Image-backed grounding data
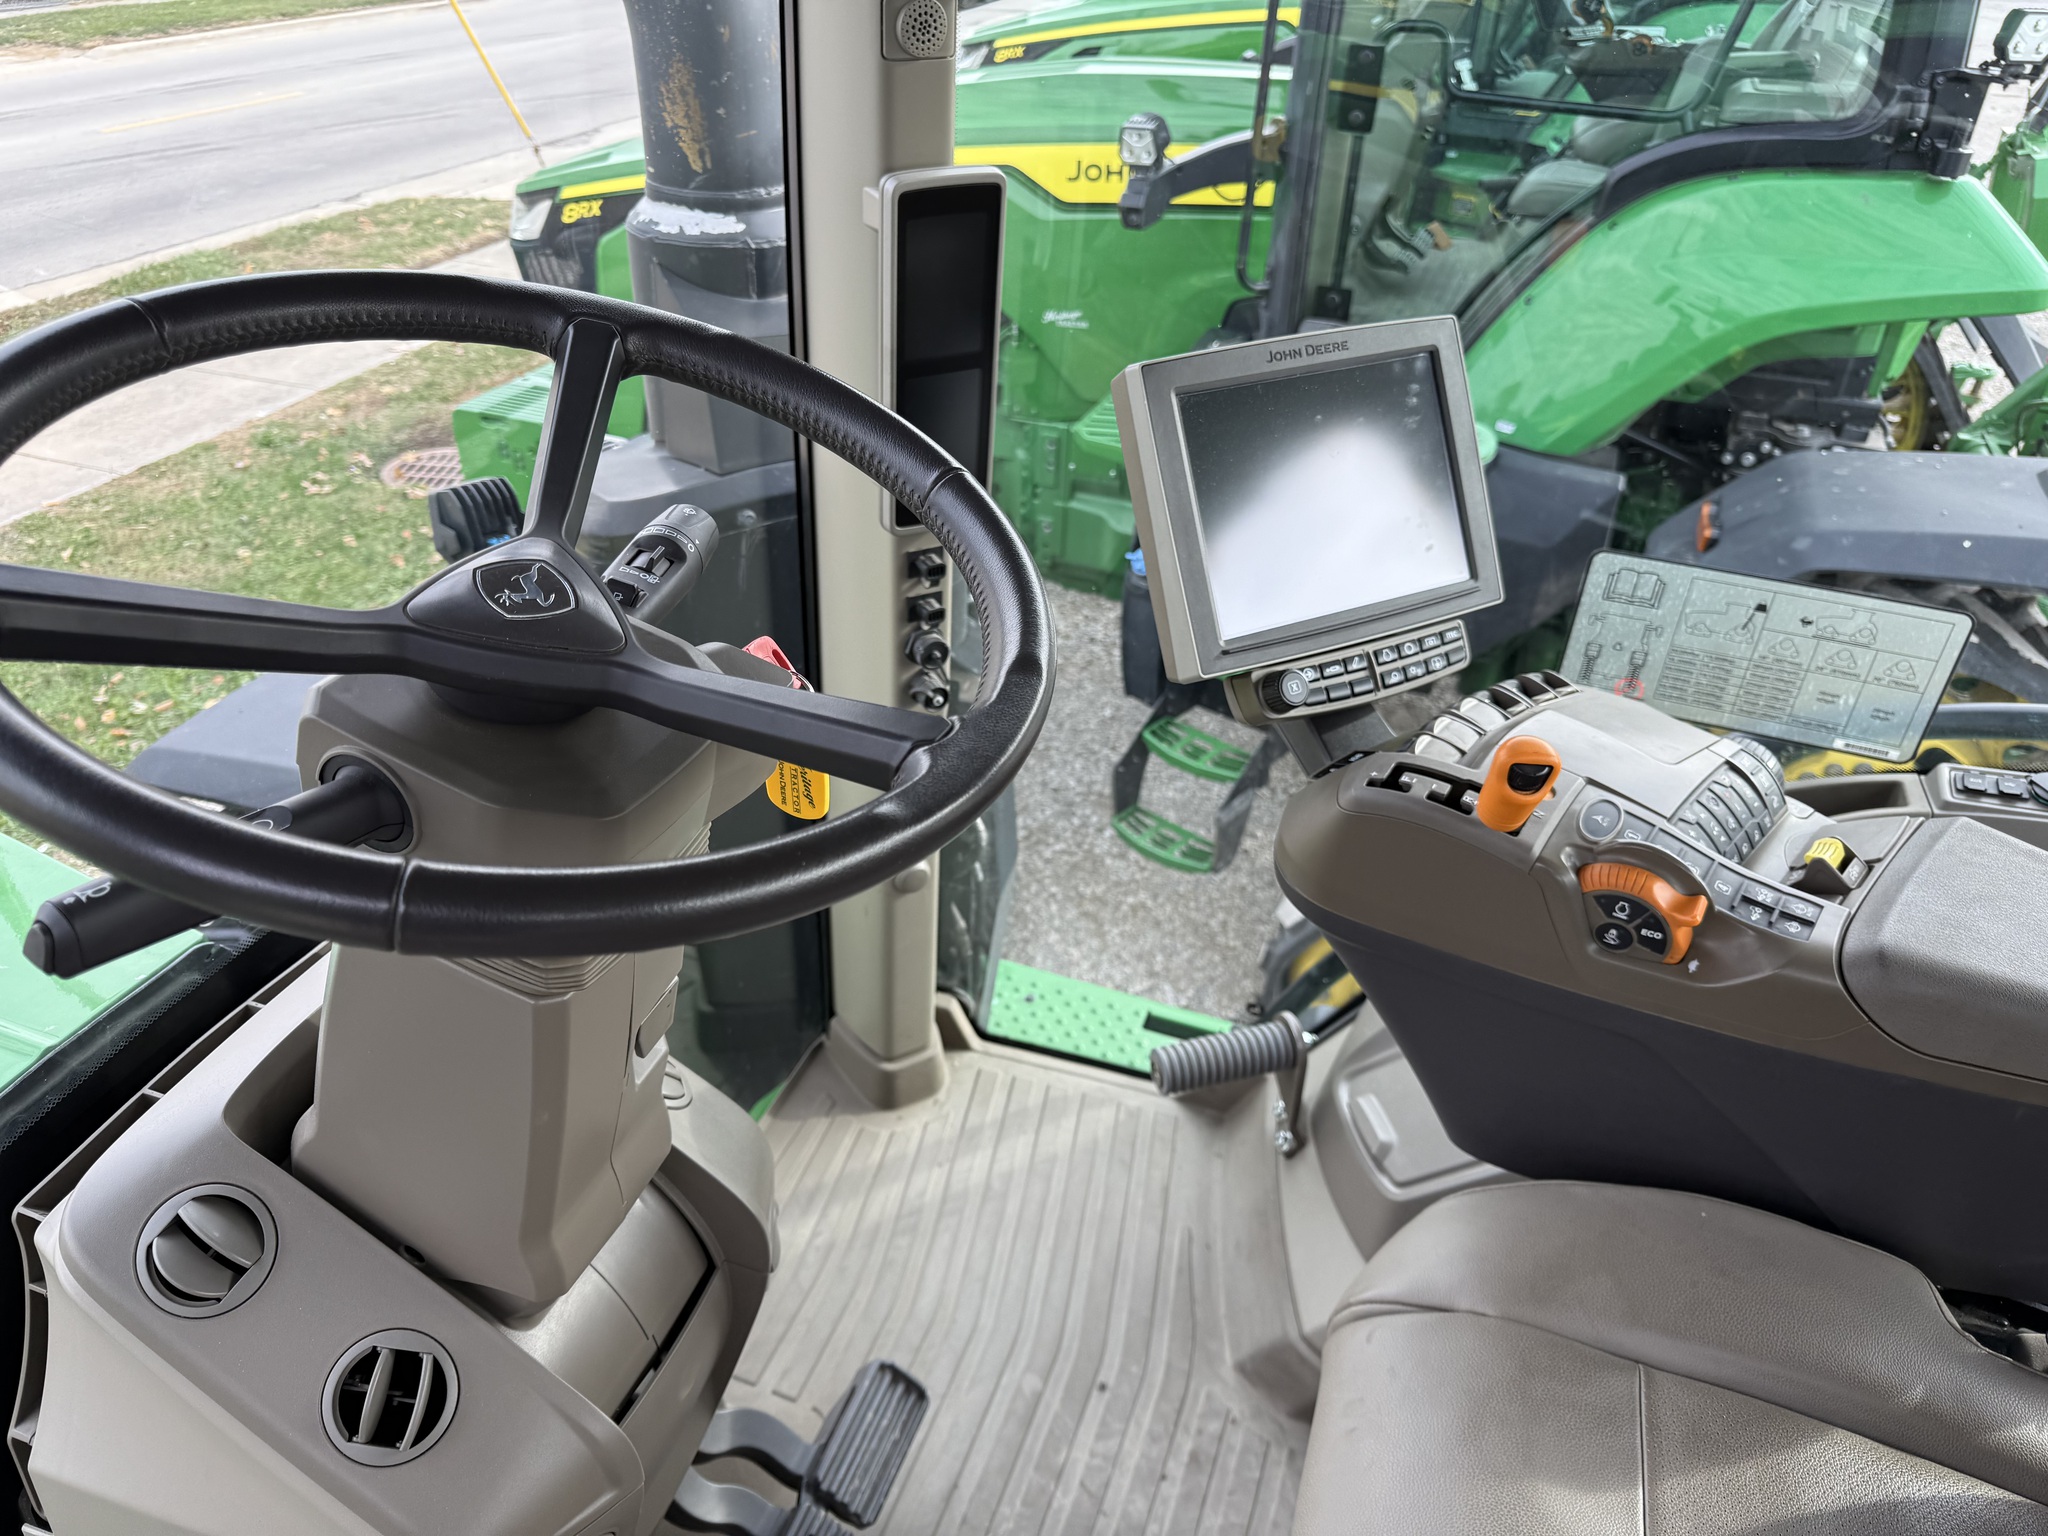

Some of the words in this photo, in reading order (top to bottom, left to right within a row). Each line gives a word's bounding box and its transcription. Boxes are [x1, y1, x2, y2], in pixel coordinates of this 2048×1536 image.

[561, 199, 603, 224] 8RX
[1266, 347, 1302, 363] JOHN
[1305, 340, 1349, 357] DEERE
[791, 767, 800, 814] TRACTOR
[798, 765, 816, 809] ritage
[1640, 928, 1663, 940] ECO

**Brief:** Copy out all the data above exactly as written. Skip the pictures.

**Task solution:**
Some of the words in this photo, in reading order (top to bottom, left to right within a row). Each line gives a word's bounding box and its transcription. Boxes are [x1, y1, x2, y2], in pixel coordinates of this 2048×1536 image.

[561, 199, 603, 224] 8RX
[1266, 347, 1302, 363] JOHN
[1305, 340, 1349, 357] DEERE
[791, 767, 800, 814] TRACTOR
[798, 765, 816, 809] ritage
[1640, 928, 1663, 940] ECO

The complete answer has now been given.